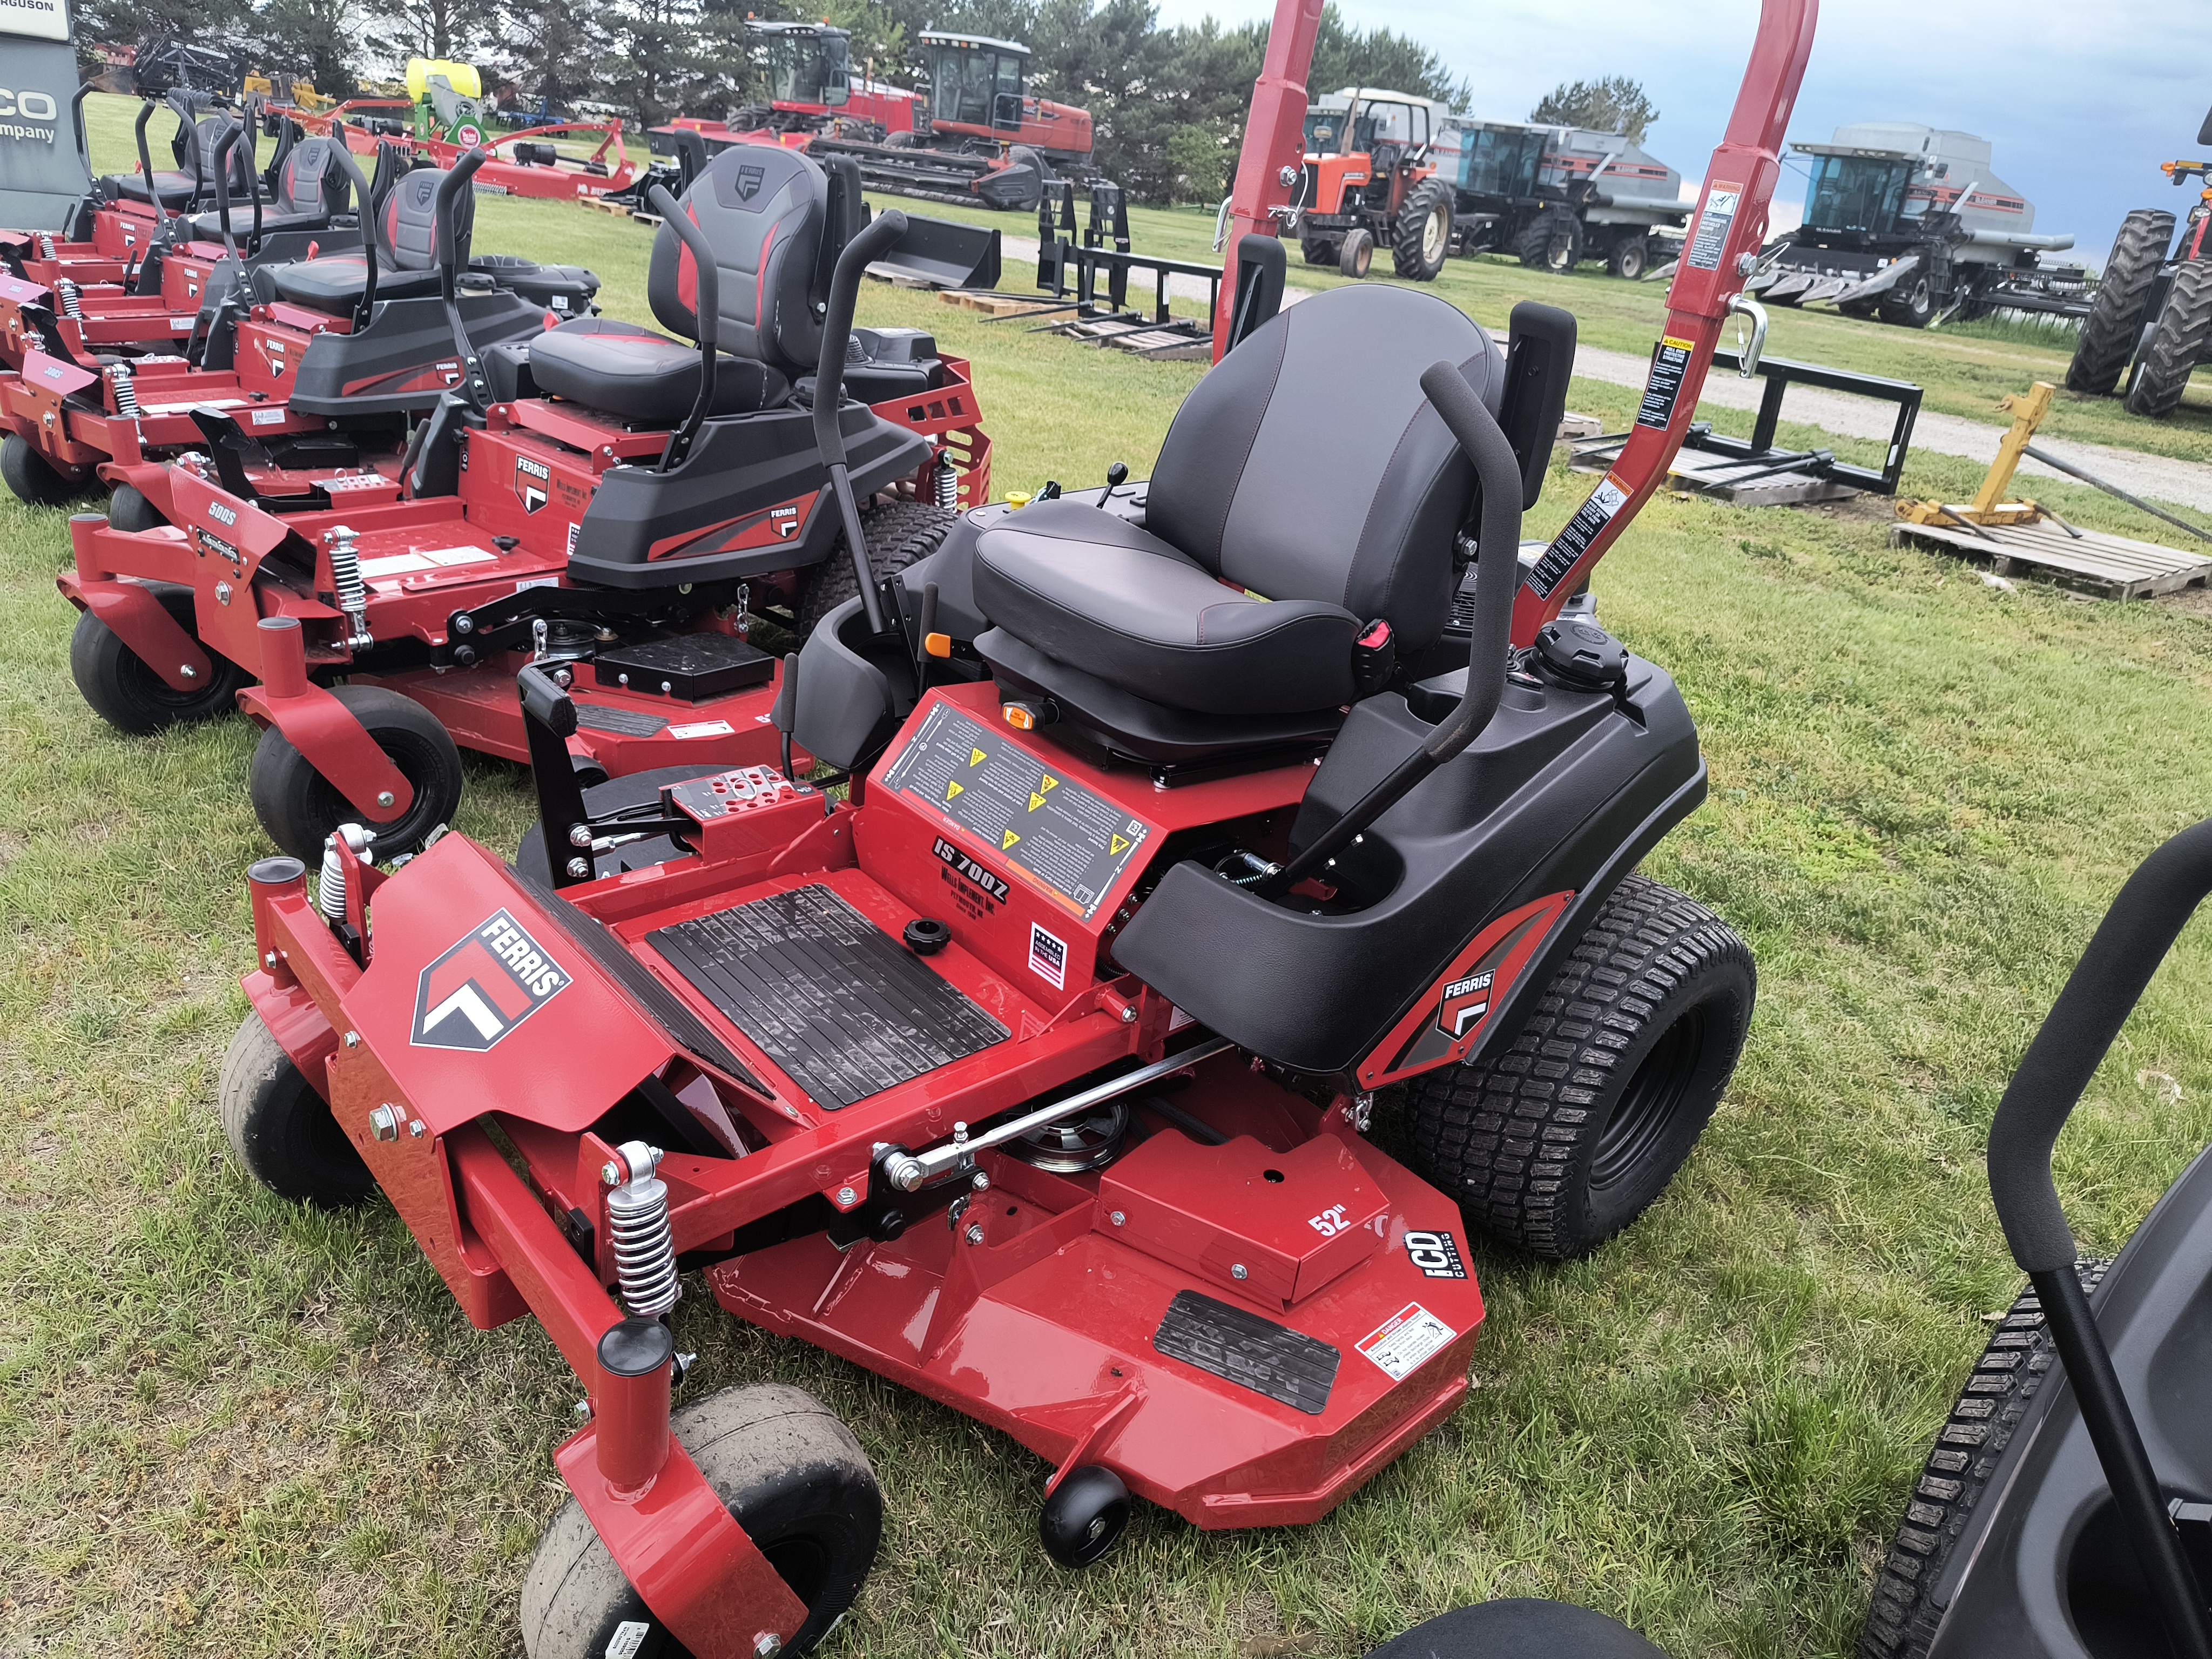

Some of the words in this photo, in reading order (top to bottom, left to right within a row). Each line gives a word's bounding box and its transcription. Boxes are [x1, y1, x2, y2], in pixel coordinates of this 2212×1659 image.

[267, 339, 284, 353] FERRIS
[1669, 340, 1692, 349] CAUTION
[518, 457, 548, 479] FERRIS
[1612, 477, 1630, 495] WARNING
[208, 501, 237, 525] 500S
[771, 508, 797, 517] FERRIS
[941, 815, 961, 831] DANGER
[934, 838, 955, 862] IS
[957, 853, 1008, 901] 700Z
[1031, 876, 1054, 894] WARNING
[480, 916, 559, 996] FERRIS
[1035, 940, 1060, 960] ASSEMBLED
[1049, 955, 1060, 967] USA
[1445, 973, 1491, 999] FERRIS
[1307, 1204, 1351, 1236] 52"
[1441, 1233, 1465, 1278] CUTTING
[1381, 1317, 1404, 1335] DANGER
_ _ _ _ _
> TO DO:
Be exact. Write out all the entries and omit the pictures.

> ANSWER SPACE:
Some of the words in this photo, in reading order (top to bottom, left to right within a row). Each line gives a word's bounding box and its transcription. Boxes are [x1, y1, x2, y2], in pixel coordinates of this 2212×1659 image.

[267, 339, 284, 353] FERRIS
[1669, 340, 1692, 349] CAUTION
[518, 457, 548, 479] FERRIS
[1612, 477, 1630, 495] WARNING
[208, 501, 237, 525] 500S
[771, 508, 797, 517] FERRIS
[941, 815, 961, 831] DANGER
[934, 838, 955, 862] IS
[957, 853, 1008, 901] 700Z
[1031, 876, 1054, 894] WARNING
[480, 916, 559, 996] FERRIS
[1035, 940, 1060, 960] ASSEMBLED
[1049, 955, 1060, 967] USA
[1445, 973, 1491, 999] FERRIS
[1307, 1204, 1351, 1236] 52"
[1441, 1233, 1465, 1278] CUTTING
[1381, 1317, 1404, 1335] DANGER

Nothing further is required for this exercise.